WalkingbyFaith said...
Fronton,
I understand what you're saying, and it is hard to know what to do. The remaining symptoms you mentioned sounded like bart to me. I saw mpost's response on another thread about bart got me thinking. Mpost indicated that bart is not a problem unless there is something wrong with your immune system and compared it to HIV. I don't know that I agree with all that, but it was thought provoking. If that is correct, it could be the presence of another infection or immune suppressing agent is what keeps bart active and if that other factor is identified and removed, then the immune system will take care of bart.
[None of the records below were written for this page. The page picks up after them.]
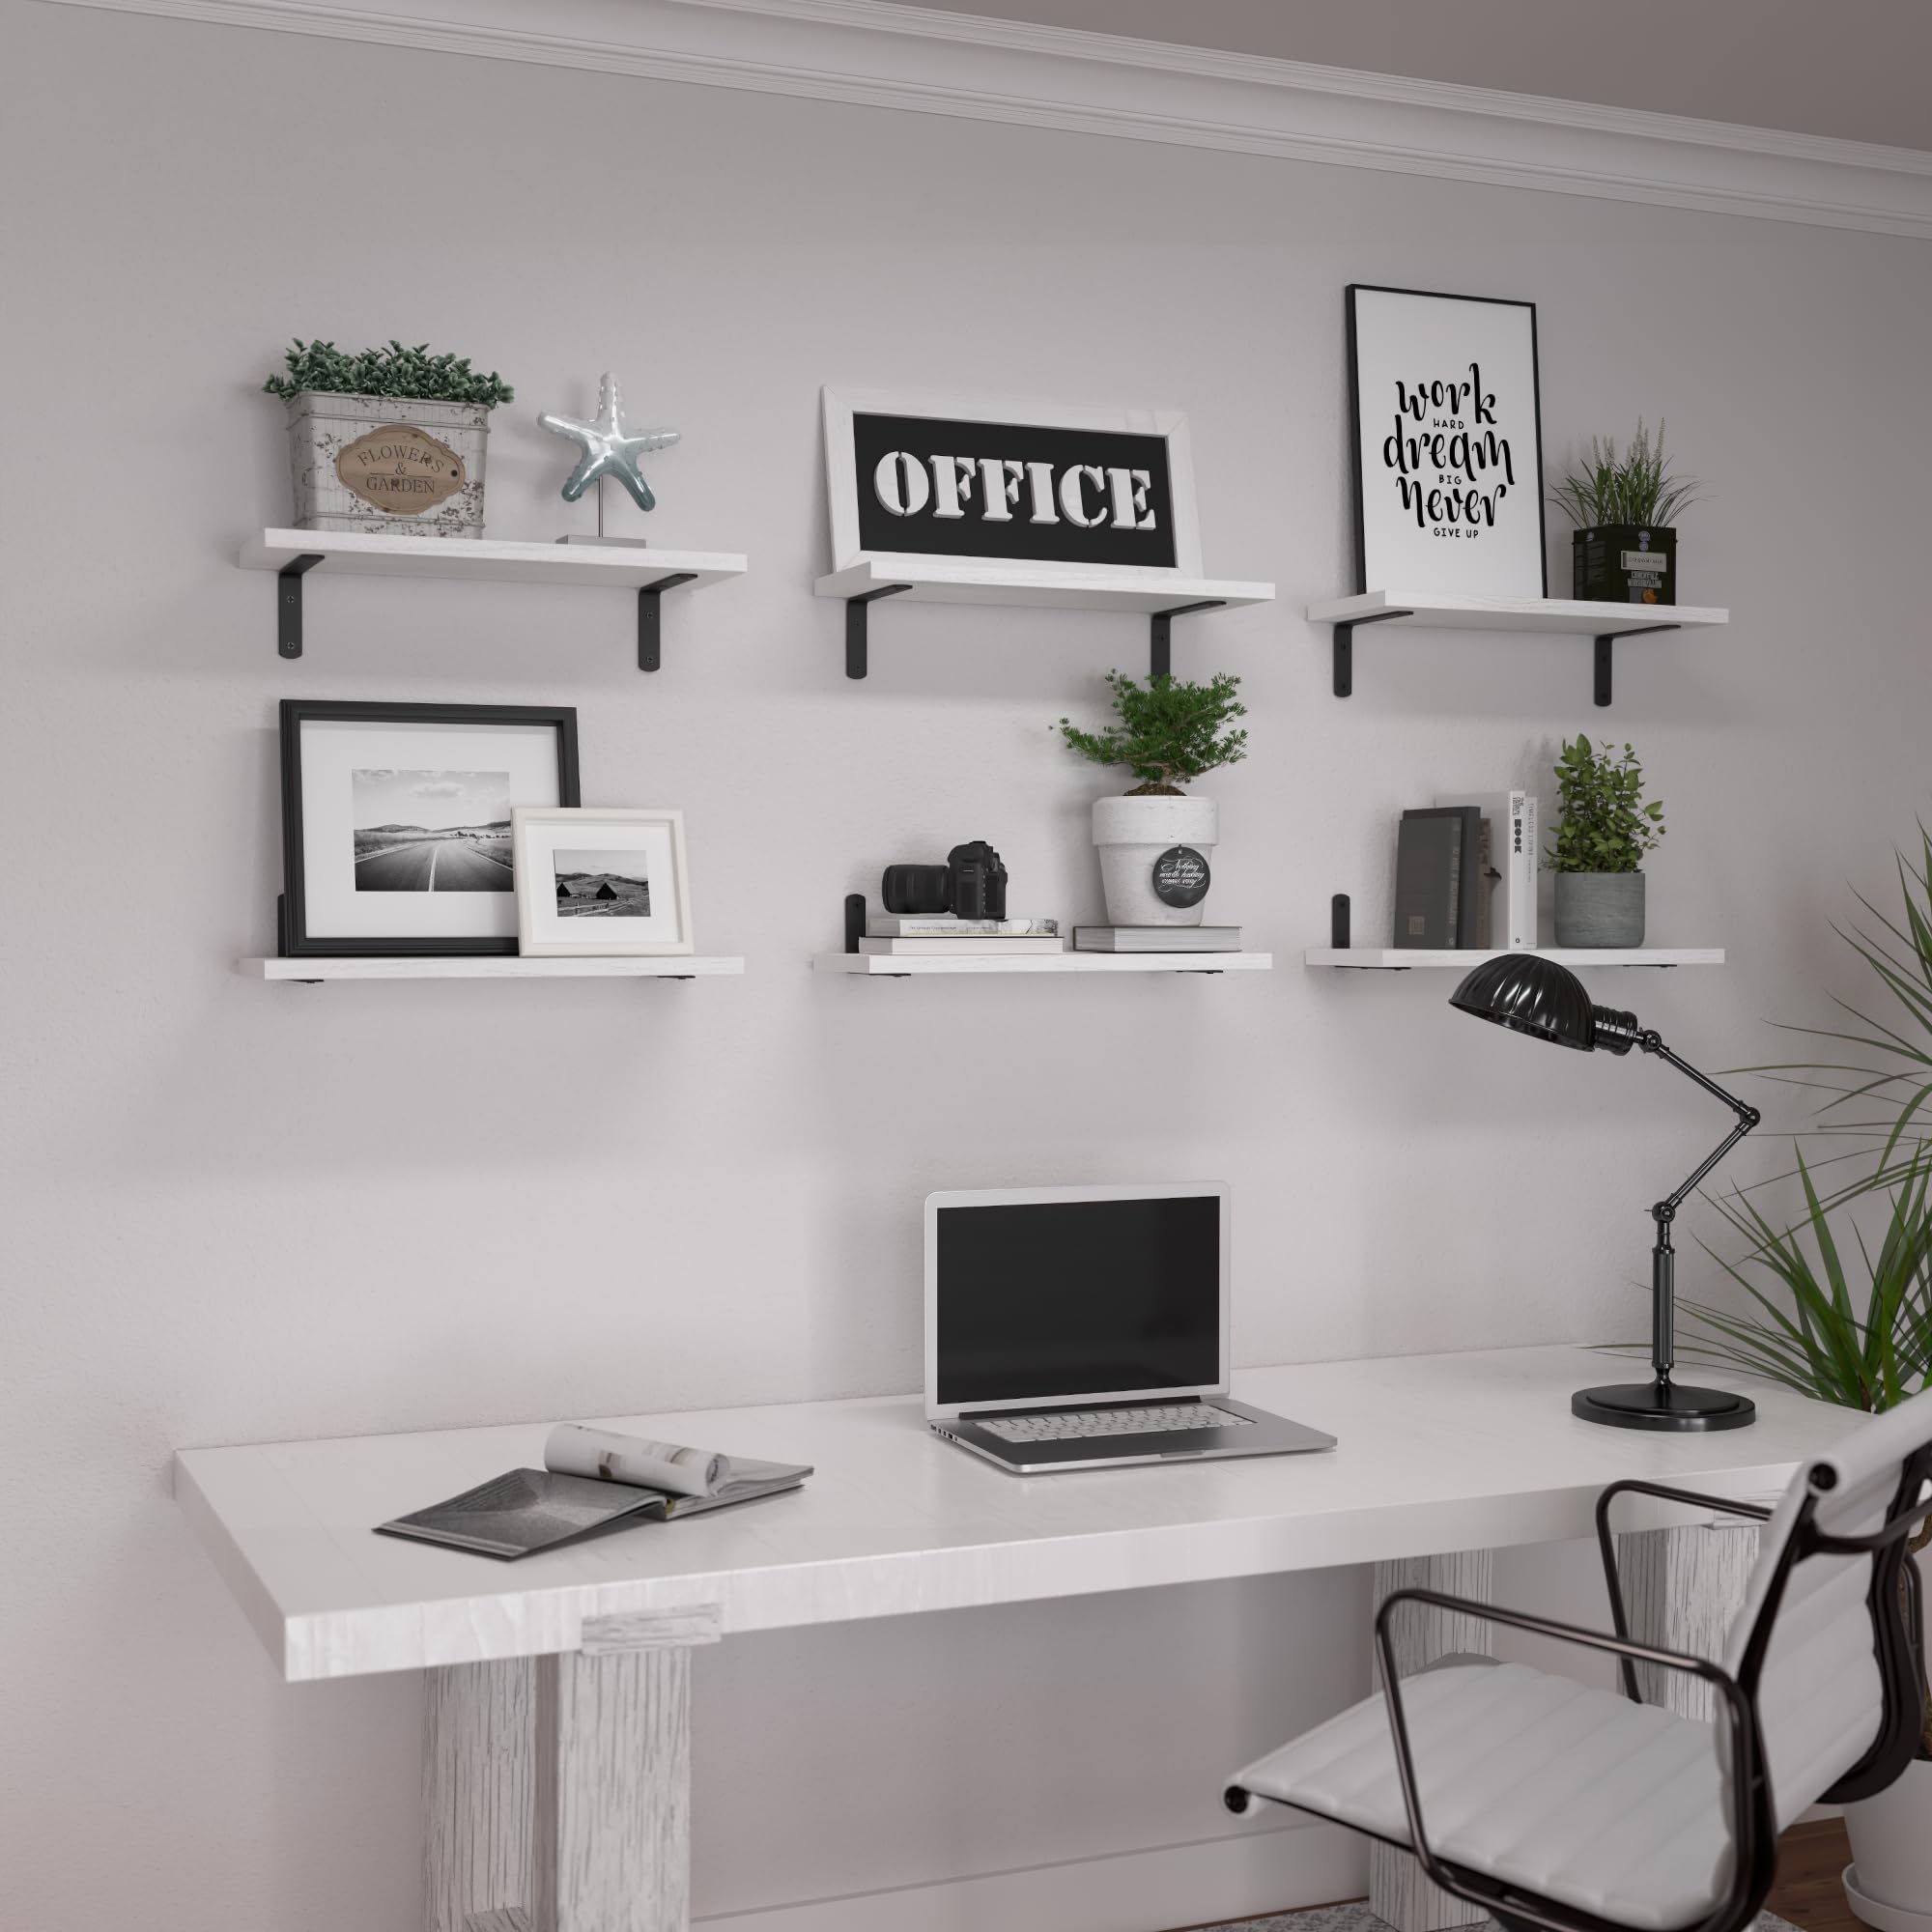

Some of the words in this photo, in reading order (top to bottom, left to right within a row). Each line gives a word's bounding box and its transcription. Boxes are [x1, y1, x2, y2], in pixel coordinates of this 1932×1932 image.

[1395, 362, 1498, 425] work
[1433, 418, 1464, 429] HARD
[1383, 413, 1516, 486] dream
[357, 445, 444, 473] FLOWERS
[395, 462, 408, 476] &
[366, 476, 435, 494] GARDEN
[1438, 474, 1463, 484] BIG
[873, 450, 1156, 530] OFFICE
[1433, 526, 1461, 539] GIVE
[1465, 529, 1480, 540] UP
im not making that HIV-bart link up ...
"
Bartonella-associated infections in HIV-infected patients.
Koehler JE1.
Author information
Abstract
AIDS:
Two species of the gram-negative bacilli Bartonella, B. henselae and B. quintana, cause disease in HIV-infected patients. If untreated, infection can be fatal. Manifestations include bacillary angiomatosis (BA), bacillary peliosis hepatis (BP), bacteremia, or a combination of these. BA and BP present as lesions, but bacteremia may be subacute and persist for months without diagnosis. Additionally, patients may acquire cat scratch disease (CSD), but this is more common in immunocompetent patients. BA lesions are usually vascular, friable, and bleed profusely when traumatized. They may be confused with Kaposi's sarcoma (KS), pyogenic granuloma, lymphoma and various subcutaneous tumors and infections. Lesions may affect almost any organ, and appear as angiomatous papules, dry scaling lesions, subcutaneous nodules, cellulitic plaques or deep, highly vascularized, soft tissue masses. Patients may have osseus BA lesions (frequently affecting the long bones); hepatic and/or splenic lesions; bacteremia; or endocarditis. To diagnose infection, lesions should be biopsied and examined. Hematoxylin and eosin staining reveal histopathologic changes; darkly staining organisms are evident after Warthin-Starry silver staining; and electron microscopy allows visualization of the bacillus. An indirect immunofluorescence antibody test (IFA) detects bartonella-specific IgG antibodies. Treatment with erythromycin for at least three months is recommended, or with doxycycline if erythromycin is not well-tolerated. Severely ill patients should receive IV doxycycline with either gentamicin or rifampin for at least four months. To prevent infection, HIV-infected people should avoid traumatic cat contact and exposure to the body louse."